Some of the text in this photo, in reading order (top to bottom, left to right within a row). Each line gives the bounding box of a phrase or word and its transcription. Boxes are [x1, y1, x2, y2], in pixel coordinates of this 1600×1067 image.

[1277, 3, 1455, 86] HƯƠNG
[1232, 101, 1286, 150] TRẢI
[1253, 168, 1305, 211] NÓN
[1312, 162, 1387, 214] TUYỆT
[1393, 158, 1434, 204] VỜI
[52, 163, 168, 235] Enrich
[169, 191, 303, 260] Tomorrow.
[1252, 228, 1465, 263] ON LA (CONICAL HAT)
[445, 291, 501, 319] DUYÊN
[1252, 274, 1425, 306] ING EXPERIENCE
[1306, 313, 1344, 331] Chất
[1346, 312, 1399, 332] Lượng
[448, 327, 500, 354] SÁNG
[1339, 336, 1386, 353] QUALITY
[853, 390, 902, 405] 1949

####

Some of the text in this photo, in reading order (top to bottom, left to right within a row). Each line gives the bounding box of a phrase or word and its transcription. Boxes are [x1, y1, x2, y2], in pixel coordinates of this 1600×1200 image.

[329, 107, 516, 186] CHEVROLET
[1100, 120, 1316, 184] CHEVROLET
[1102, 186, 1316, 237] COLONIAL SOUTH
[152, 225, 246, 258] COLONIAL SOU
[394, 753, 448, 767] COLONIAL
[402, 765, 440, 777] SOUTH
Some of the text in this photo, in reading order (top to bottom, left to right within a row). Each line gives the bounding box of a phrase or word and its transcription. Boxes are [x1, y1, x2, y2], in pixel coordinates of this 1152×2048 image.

####

#### Exercise aim:
Within the listing above, the range opens at the line with "this 1600×1200 image." and closes at the line with "this 1152×2048 image.". Reproduce exactly the lines of that range, including both ends.

#### Result of the task:
Some of the text in this photo, in reading order (top to bottom, left to right within a row). Each line gives the bounding box of a phrase or word and its transcription. Boxes are [x1, y1, x2, y2], in pixel coordinates of this 1600×1200 image.

[329, 107, 516, 186] CHEVROLET
[1100, 120, 1316, 184] CHEVROLET
[1102, 186, 1316, 237] COLONIAL SOUTH
[152, 225, 246, 258] COLONIAL SOU
[394, 753, 448, 767] COLONIAL
[402, 765, 440, 777] SOUTH
Some of the text in this photo, in reading order (top to bottom, left to right within a row). Each line gives the bounding box of a phrase or word and its transcription. Boxes are [x1, y1, x2, y2], in pixel coordinates of this 1152×2048 image.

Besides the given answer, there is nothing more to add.